*** Records supplied ***
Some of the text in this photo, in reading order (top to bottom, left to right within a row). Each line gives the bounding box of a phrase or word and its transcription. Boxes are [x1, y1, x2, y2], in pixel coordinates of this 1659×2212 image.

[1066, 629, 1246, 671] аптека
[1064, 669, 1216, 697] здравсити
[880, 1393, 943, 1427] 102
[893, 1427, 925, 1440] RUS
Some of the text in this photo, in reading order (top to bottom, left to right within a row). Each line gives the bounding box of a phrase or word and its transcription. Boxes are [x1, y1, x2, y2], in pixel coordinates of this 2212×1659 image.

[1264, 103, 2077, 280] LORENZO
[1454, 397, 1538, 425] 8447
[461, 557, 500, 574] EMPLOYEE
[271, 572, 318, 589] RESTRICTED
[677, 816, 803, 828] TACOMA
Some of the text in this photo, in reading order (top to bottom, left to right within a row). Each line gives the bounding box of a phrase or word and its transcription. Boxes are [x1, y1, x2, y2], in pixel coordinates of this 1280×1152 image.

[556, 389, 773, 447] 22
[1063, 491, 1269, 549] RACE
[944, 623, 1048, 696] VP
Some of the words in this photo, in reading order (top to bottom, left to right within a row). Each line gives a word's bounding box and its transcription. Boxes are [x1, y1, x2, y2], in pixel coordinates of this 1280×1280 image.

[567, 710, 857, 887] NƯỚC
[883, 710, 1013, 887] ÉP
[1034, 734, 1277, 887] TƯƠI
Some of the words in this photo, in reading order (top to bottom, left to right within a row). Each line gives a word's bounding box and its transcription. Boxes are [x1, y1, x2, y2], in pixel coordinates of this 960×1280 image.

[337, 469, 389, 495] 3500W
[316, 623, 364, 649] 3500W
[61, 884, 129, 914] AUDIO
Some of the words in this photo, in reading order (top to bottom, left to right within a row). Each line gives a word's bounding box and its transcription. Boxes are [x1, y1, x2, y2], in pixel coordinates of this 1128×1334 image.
*** End of Records supplied ***
What is needed is a word-for-word copy of the records.

■ **Reply to the exercise**
Some of the text in this photo, in reading order (top to bottom, left to right within a row). Each line gives the bounding box of a phrase or word and its transcription. Boxes are [x1, y1, x2, y2], in pixel coordinates of this 1659×2212 image.

[1066, 629, 1246, 671] аптека
[1064, 669, 1216, 697] здравсити
[880, 1393, 943, 1427] 102
[893, 1427, 925, 1440] RUS
Some of the text in this photo, in reading order (top to bottom, left to right within a row). Each line gives the bounding box of a phrase or word and its transcription. Boxes are [x1, y1, x2, y2], in pixel coordinates of this 2212×1659 image.

[1264, 103, 2077, 280] LORENZO
[1454, 397, 1538, 425] 8447
[461, 557, 500, 574] EMPLOYEE
[271, 572, 318, 589] RESTRICTED
[677, 816, 803, 828] TACOMA
Some of the text in this photo, in reading order (top to bottom, left to right within a row). Each line gives the bounding box of a phrase or word and its transcription. Boxes are [x1, y1, x2, y2], in pixel coordinates of this 1280×1152 image.

[556, 389, 773, 447] 22
[1063, 491, 1269, 549] RACE
[944, 623, 1048, 696] VP
Some of the words in this photo, in reading order (top to bottom, left to right within a row). Each line gives a word's bounding box and its transcription. Boxes are [x1, y1, x2, y2], in pixel coordinates of this 1280×1280 image.

[567, 710, 857, 887] NƯỚC
[883, 710, 1013, 887] ÉP
[1034, 734, 1277, 887] TƯƠI
Some of the words in this photo, in reading order (top to bottom, left to right within a row). Each line gives a word's bounding box and its transcription. Boxes are [x1, y1, x2, y2], in pixel coordinates of this 960×1280 image.

[337, 469, 389, 495] 3500W
[316, 623, 364, 649] 3500W
[61, 884, 129, 914] AUDIO
Some of the words in this photo, in reading order (top to bottom, left to right within a row). Each line gives a word's bounding box and its transcription. Boxes are [x1, y1, x2, y2], in pixel coordinates of this 1128×1334 image.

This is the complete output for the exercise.